Police look at what information is public and sometimes create fake online identities to befriend suspects and view their private information. Authorities also can request private data directly from social networks with subpoenas or warrants, or make an emergency request for user information if they think there's an imminent threat of danger.
These techniques are slowly catching on across the country. According to a recent survey of 1,221 federal, state and local law enforcement who use social media, four out of five officials used social media to gather intelligence during investigations. Half said they checked social media at least once a week, and the majority said social media helps them solve crimes faster. The online survey was conducted by LexisNexis Risk Solutions and had a 2.8 percent margin of error.
The survey found that Facebook is the most fruitful social network for law enforcement, followed by YouTube.
Gathering public data
One pioneer in this emerging area is the city of Cincinnati, where police dismantled a local street gang and arrested 71 people in 2008 following a large nine-month investigation that used social media to identify key members. Collaborating with the University of Cincinnati's Institute of Crime Science, the police created databases of information scraped from social networks, existing police records and phone records, then used software to analyze the data and establish links between suspects.
As with most police departments, Cincinnati's social-media efforts began small, with a few officers checking online profiles on their downtime.
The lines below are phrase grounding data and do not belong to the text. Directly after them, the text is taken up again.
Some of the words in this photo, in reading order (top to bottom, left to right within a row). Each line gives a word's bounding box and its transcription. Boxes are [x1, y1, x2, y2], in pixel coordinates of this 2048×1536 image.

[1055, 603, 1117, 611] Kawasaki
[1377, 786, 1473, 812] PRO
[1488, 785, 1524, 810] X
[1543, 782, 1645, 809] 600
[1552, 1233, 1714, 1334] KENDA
Then police teamed up with the university and received training from social-media experts.
"A 22-year-old girl, who knew more about Facebook than Mark Zuckerberg did, taught us how to mine Facebook for info," said Capt. Daniel Gerard, who runs the department.
As they soon discovered, criminals were using social networks to blab about the crimes they were plotting, set up drug deals, brag about wrongdoings and even upload incriminating videos.
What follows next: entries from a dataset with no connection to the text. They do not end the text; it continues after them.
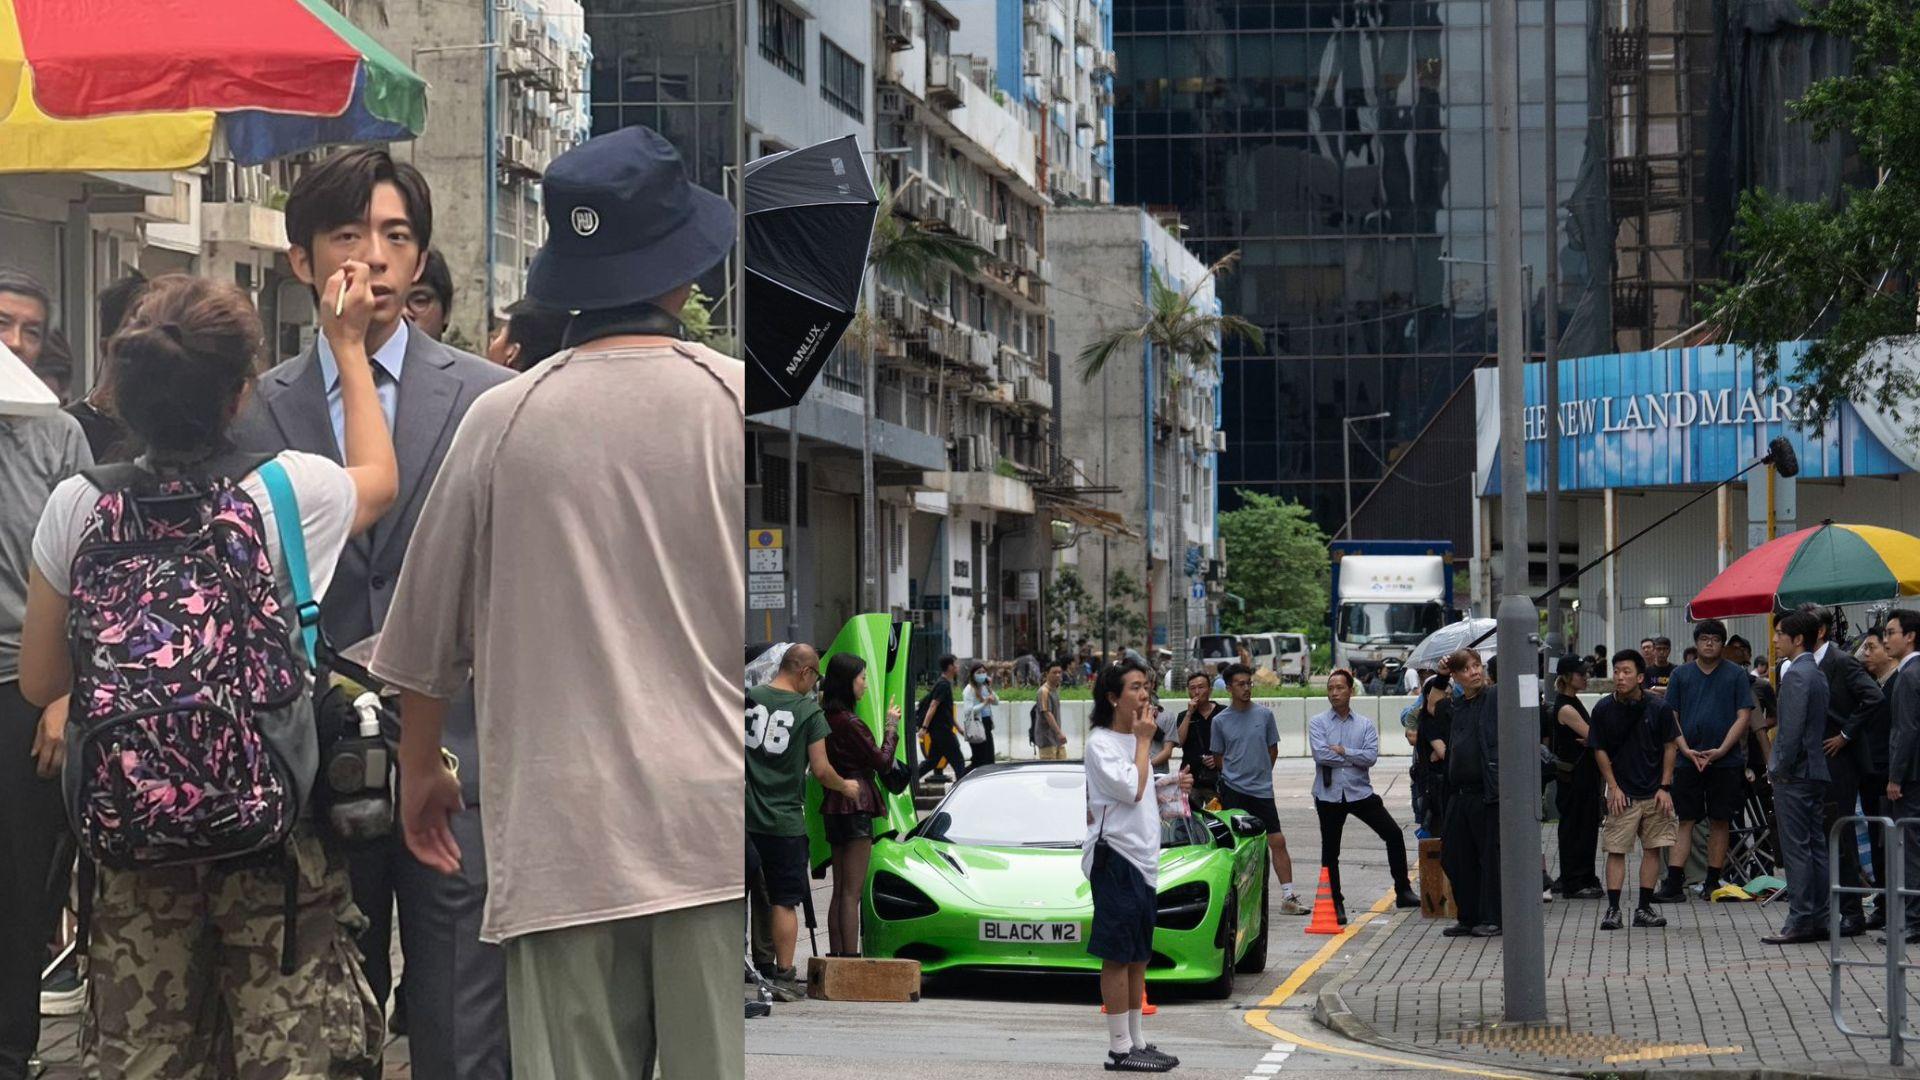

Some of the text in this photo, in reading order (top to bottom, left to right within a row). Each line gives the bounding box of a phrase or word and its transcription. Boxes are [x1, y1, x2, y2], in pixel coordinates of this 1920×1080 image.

[786, 323, 821, 376] NANLUX
[1523, 404, 1548, 442] HE
[1557, 397, 1597, 438] NEW
[745, 704, 795, 754] 36
[984, 922, 1076, 941] BLACK W2
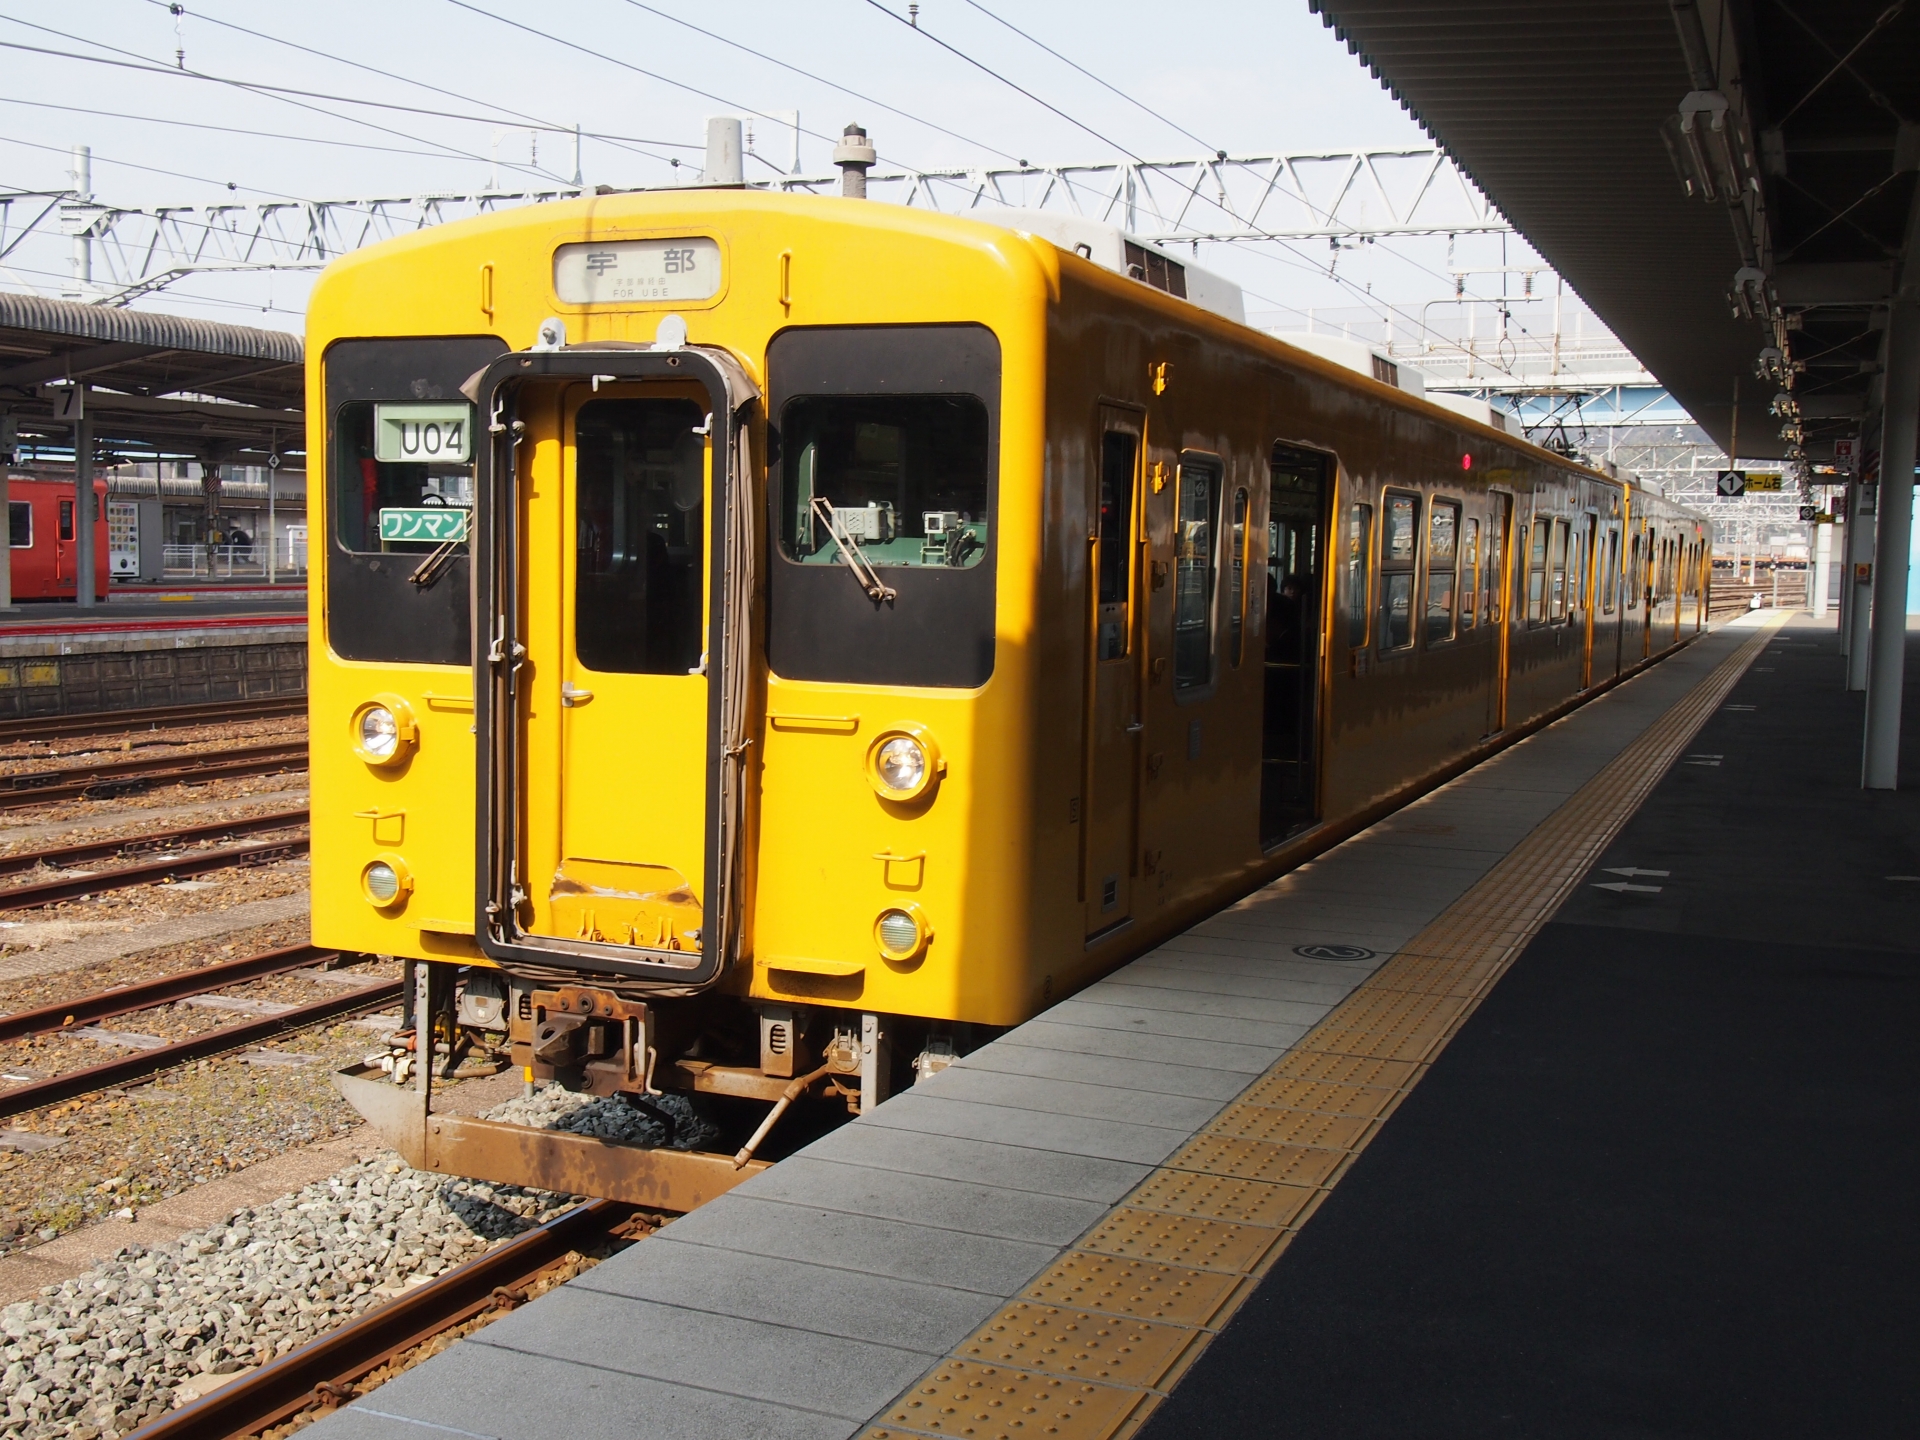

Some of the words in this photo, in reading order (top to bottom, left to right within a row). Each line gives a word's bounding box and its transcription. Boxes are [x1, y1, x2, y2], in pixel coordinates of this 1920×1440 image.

[586, 248, 696, 277] 宇部
[613, 289, 634, 298] FOR
[642, 287, 669, 297] UBE
[60, 389, 74, 415] 7
[401, 422, 463, 455] U04
[1726, 476, 1734, 491] 1
[1744, 477, 1781, 489] ホーム右
[1803, 508, 1811, 518] 3
[383, 512, 464, 538] ワンマン
Criminals who can't resist bragging online are a boon to police and prosecutors across the country. In one 2008 case, Ronnie Tienda Jr. was convicted of a gang-related murder in Texas based largely on incriminating words and photos he had posted publicly on his MySpace pages.
Some "public" information takes a bit of maneuvering to find. Someone can have their Facebook settings as private as possible, but their friends or relatives might not be as savvy, allowing police to collect information by looking at what a suspect posts on their friends' public pages. Drug dealers have been known to post innocuous public updates that include location information so clients -- and unwittingly, law enforcement -- know where to find them, police said.
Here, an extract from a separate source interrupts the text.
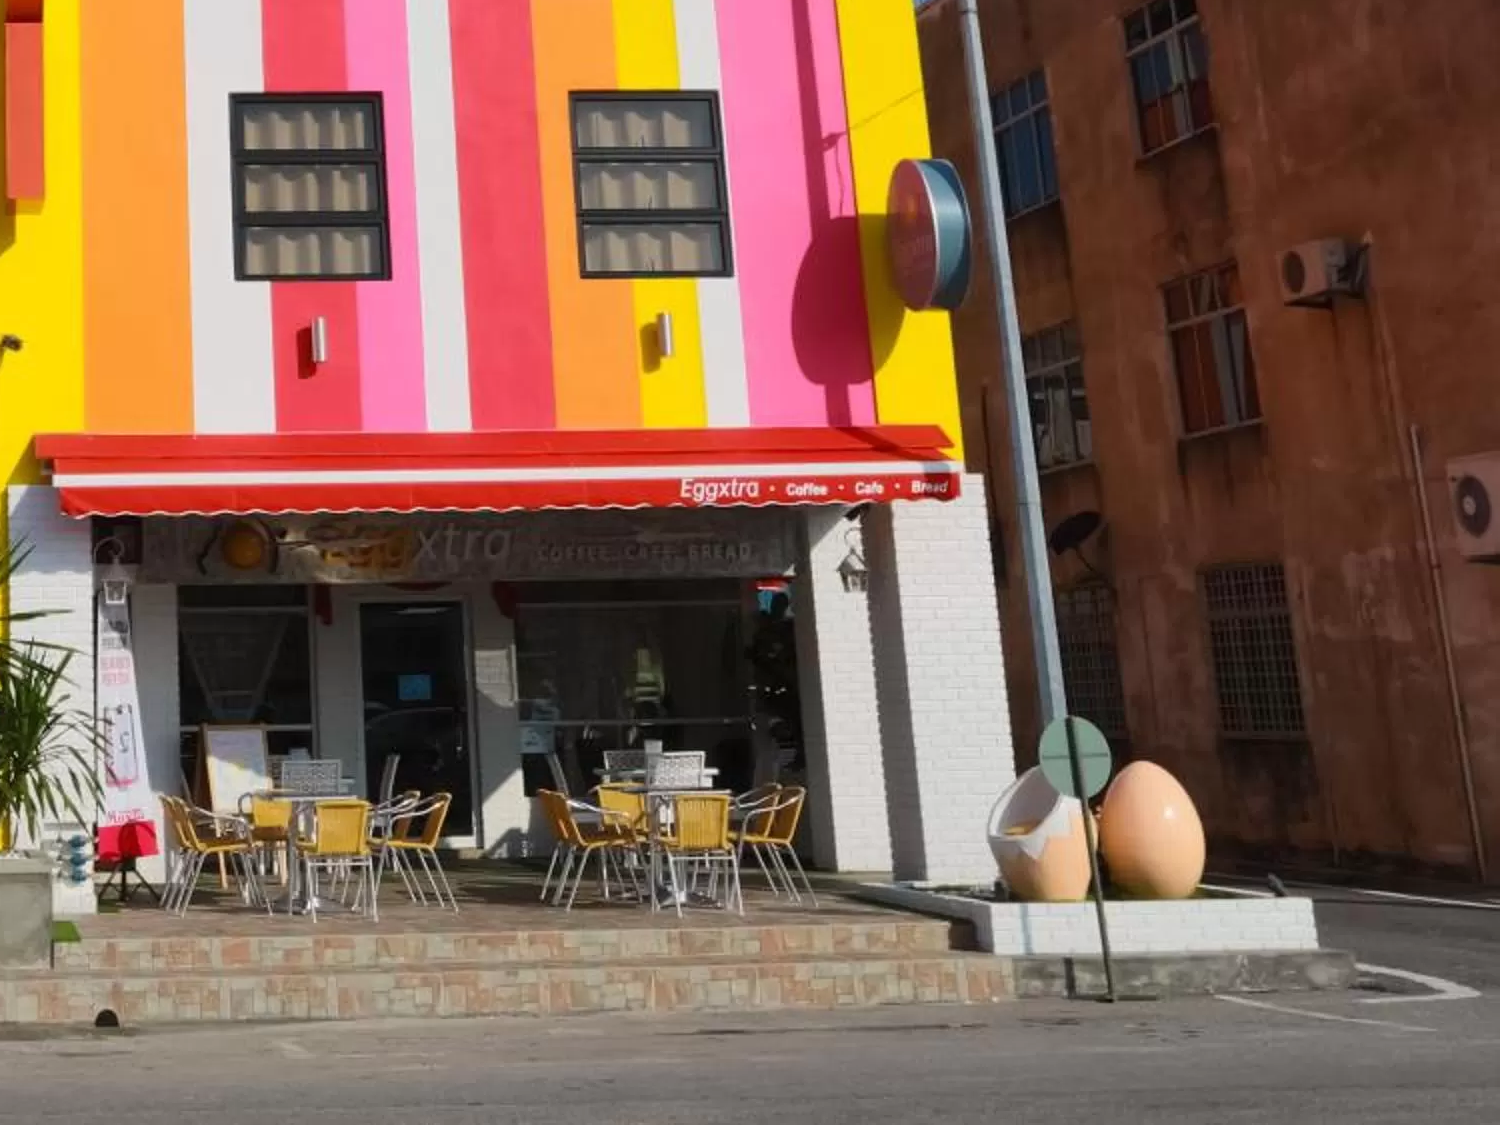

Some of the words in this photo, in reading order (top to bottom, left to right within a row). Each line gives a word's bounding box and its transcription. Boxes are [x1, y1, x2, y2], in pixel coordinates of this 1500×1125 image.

[680, 478, 759, 502] Eggxtra
[785, 482, 828, 496] Coffee
[911, 480, 949, 494] Bread
Police even have been using Facebook as a way to help victims identify suspects.
Going undercover on Facebook
A more controversial approach to getting information from social networks is going undercover online -- creating fake profiles to befriend suspects.
"We do have some covert accounts for targeted enforcements," said Cincinnati's Gerard.
Facebook, where almost 9 percent of accounts are believed to be fakes or duplicates, frowns on this practice, however.
"It just undermines the integrity of our whole service if we allow people to use false accounts," said Joe Sullivan, Facebook's chief security officer, in an interview with CNN last month. Creating a fake profile is against Facebook's terms of service, even for law enforcement. Sullivan said there is no context in which Facebook allows fake identities, and that it has a "large commitment" to finding and disabling false accounts.
While these fake accounts may violate a social network's rules, they are not illegal. And evidence collected in this way can still hold up in court.
"In other, nondigital circumstances, these types of practices have been upheld," said Hanni Fakhoury, a staff attorney at the Electronic Frontier Foundation, an Internet civil-liberties organization, in an email. "For example, the police oftentimes pose as young girls to capture people for soliciting a minor to engage in sexual activities. Or they pose as a potential drug buyer in order to arrest individuals on drug crimes."
The LexisNexis survey found most law enforcement officials have no qualms about creating fake profiles for investigations, with 83 percent saying they thought it was ethical.